Na mesma data, na mesma hora e em dois locais diferentes, autoridades e técnicos discutirão os efeitos da poluição provocada pelos carros na cidade de São Paulo. Conforme informamos, ontem, aqui no blog, o Ministério Público promoverá audiência pública na qual questionará o resultado do programa de inspeção ambiental veicular, em vigor desde o ano passado na capital paulista, nessa quarta-feira, às duas da tarde, na sua sede no centro da cidade.
Mais para o lado do Ibirapuera, na sede da Assembléia Legislativa, também às duas da tarde, a qualidade do combustível que abastece a frota paulista será debatida pela Petrobrás, fabricantes de carros, ministérios Público Federal e do Meio Ambiente, Cetesb e o Movimento Nossa São Paulo.
A procuradora federal Ana Cristina Bandeira Lins poderá explicar o termo de compromisso assinado com o objetivo de implantar no Estado a distribuição de combustível menos poluente que deveria ter se iniciado em janeiro de 2009, mas por irresponsabilidade do Governo Federal, Petrobrás e Anfavea, teve de ser parcialmente adiado. Com isso se perderá ainda mais tempo no programa de combate a poluição veicular nos grandes centros urbanos.

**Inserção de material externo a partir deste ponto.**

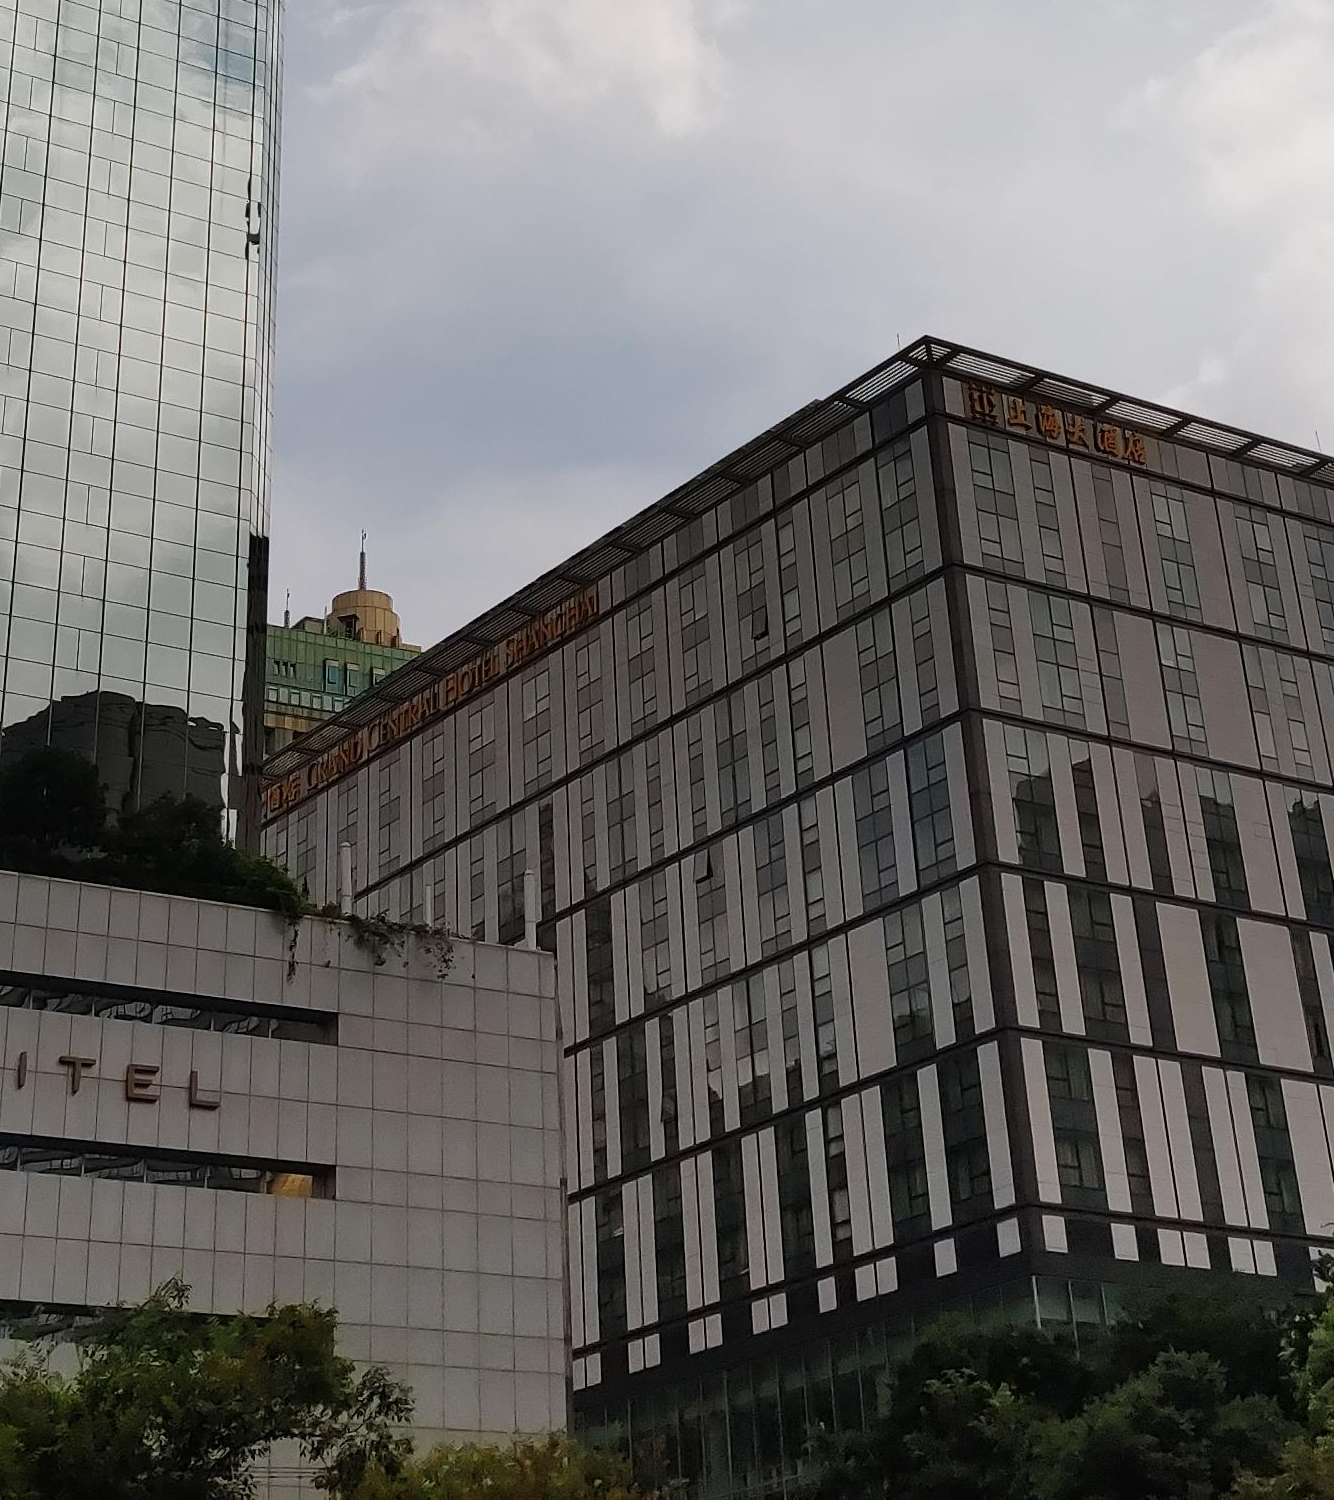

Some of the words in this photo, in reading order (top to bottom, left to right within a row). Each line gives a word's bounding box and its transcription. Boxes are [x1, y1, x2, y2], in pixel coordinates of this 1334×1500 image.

[308, 739, 362, 792] GRAND
[368, 691, 439, 752] CENTRAL
[444, 655, 499, 704] HOTEL
[506, 594, 597, 668] SHANGHAI

Petrobrás e Anfavea, provavelmente, repetirão a desculpa que tem usado para se defender do fato de não cumprirem com a resolução nº 315 do CONAMA que previa a utilização do diesel S-50 na frota de São Paulo. No Brasil, o diesel queimado por caminhões, por exemplo, tem 2 mil partículas por milhão de enxofre, enquanto o diesel previsto na resolução tem 50 partículas por milhão de enxofre.

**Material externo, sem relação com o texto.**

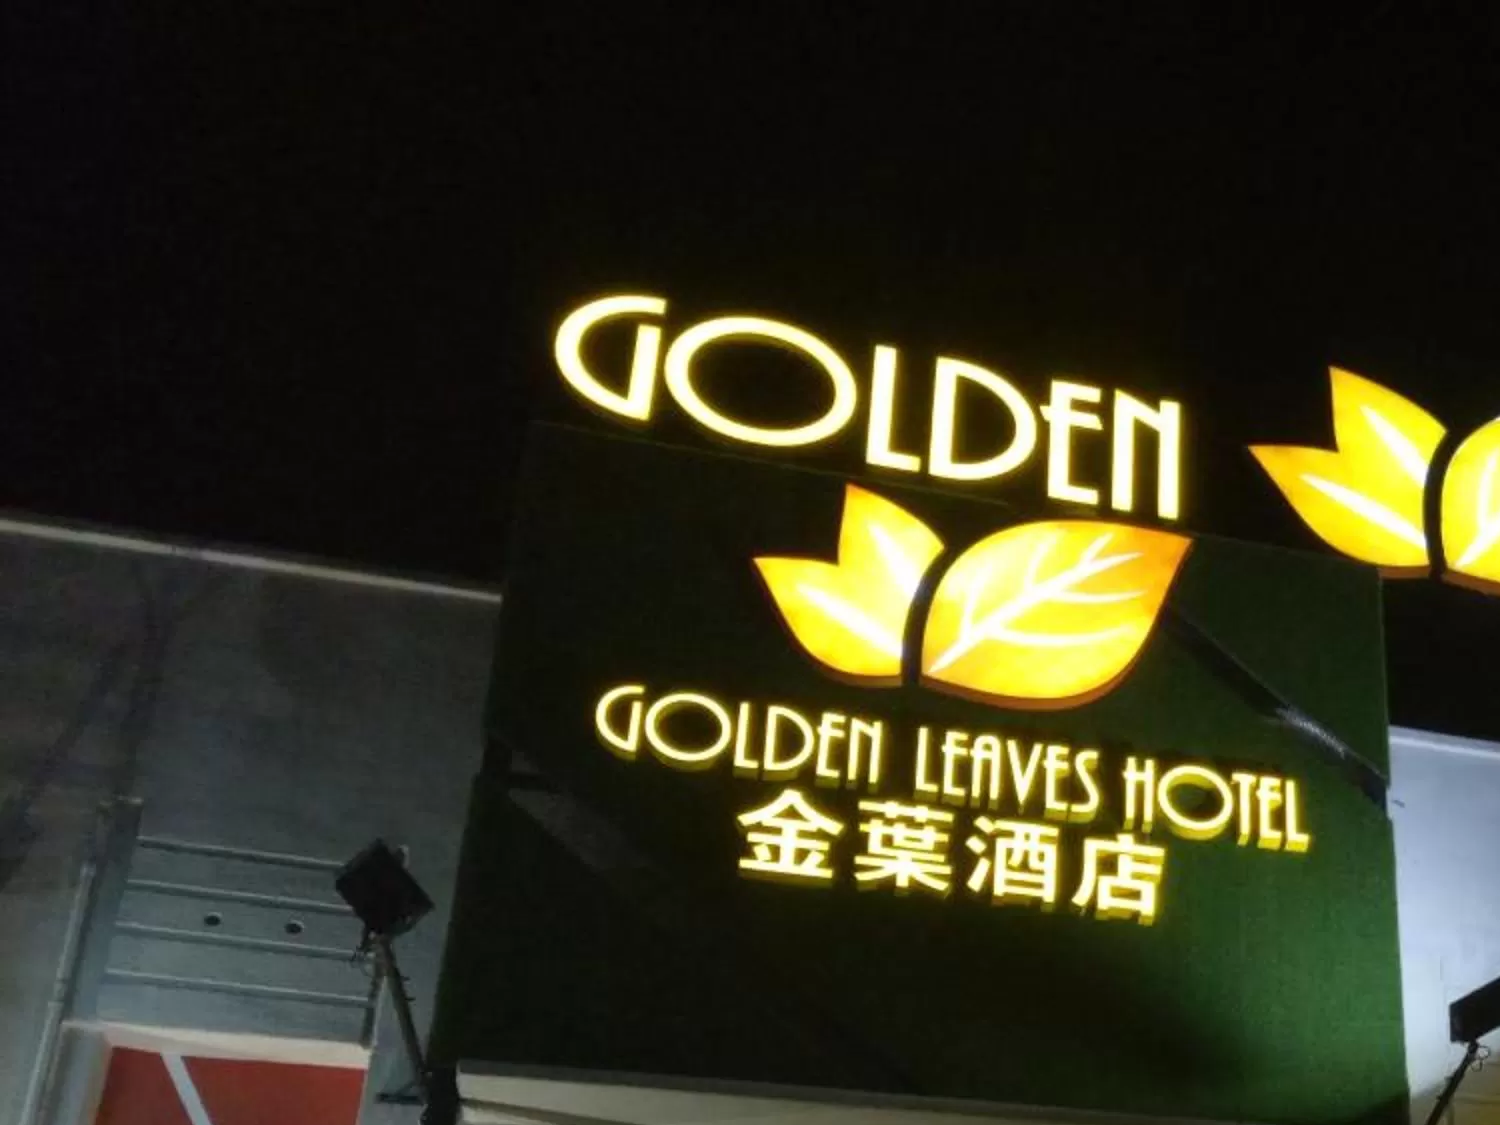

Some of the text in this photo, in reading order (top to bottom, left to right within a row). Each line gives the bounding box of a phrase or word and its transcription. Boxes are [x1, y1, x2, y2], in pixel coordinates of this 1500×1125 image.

[555, 295, 1181, 520] GOLDEN
[595, 684, 1312, 854] GOLDEN LEAVES HOTEL
[737, 788, 1167, 926] 金葉酒店

O seminário “Poluição Veicular. Controlar é Possível – A Importância de Combustíveis Menos Poluentes e o Futuro do Programa de Controle de Emissões Veiculares (PROCONVE)” é promovido pelo deputado estadual Donisete Braga (PT-SP).
O interesse pelo tema se justifica quando se sabe que, segundo o laboratório da poluição da USP, são 12 pessoas por dia as que morrem vítimas da poluição na cidade de São Paulo.
Parabens ao Deputado Donisete Braga pela iniciativa. Ações como essas ajudam a população a entender melhor e participar mais efetivamente de discussões que dizem respeito as suas vidas e ao seu futuro.